Exercise aim:
Print the data once more, exactly as given. Drop the pictures.
━━━━━ Working data ━━━━━
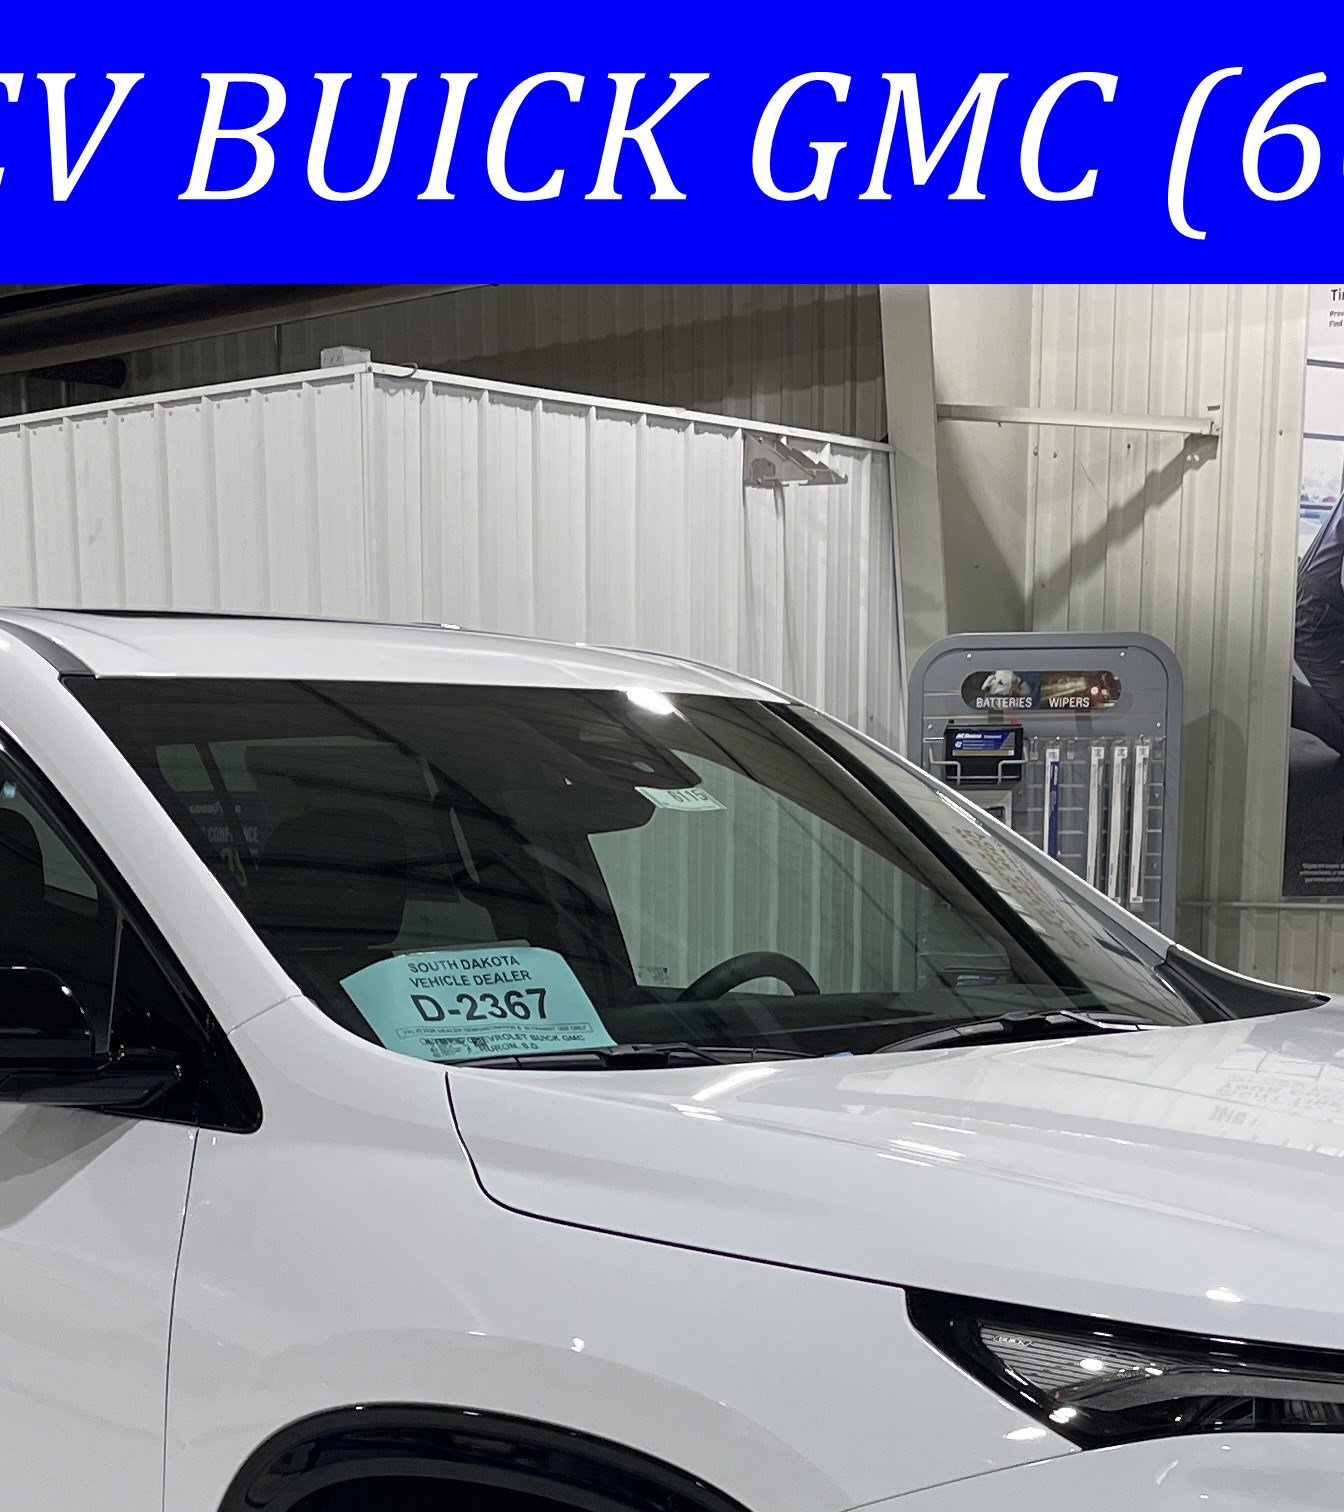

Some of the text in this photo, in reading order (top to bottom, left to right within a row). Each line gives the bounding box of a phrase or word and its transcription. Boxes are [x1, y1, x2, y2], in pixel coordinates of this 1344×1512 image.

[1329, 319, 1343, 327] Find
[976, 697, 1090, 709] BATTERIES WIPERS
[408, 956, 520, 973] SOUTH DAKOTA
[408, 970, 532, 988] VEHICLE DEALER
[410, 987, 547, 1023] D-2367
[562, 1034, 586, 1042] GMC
━━━━━
Reply to the exercise:
Some of the text in this photo, in reading order (top to bottom, left to right within a row). Each line gives the bounding box of a phrase or word and its transcription. Boxes are [x1, y1, x2, y2], in pixel coordinates of this 1344×1512 image.

[1329, 319, 1343, 327] Find
[976, 697, 1090, 709] BATTERIES WIPERS
[408, 956, 520, 973] SOUTH DAKOTA
[408, 970, 532, 988] VEHICLE DEALER
[410, 987, 547, 1023] D-2367
[562, 1034, 586, 1042] GMC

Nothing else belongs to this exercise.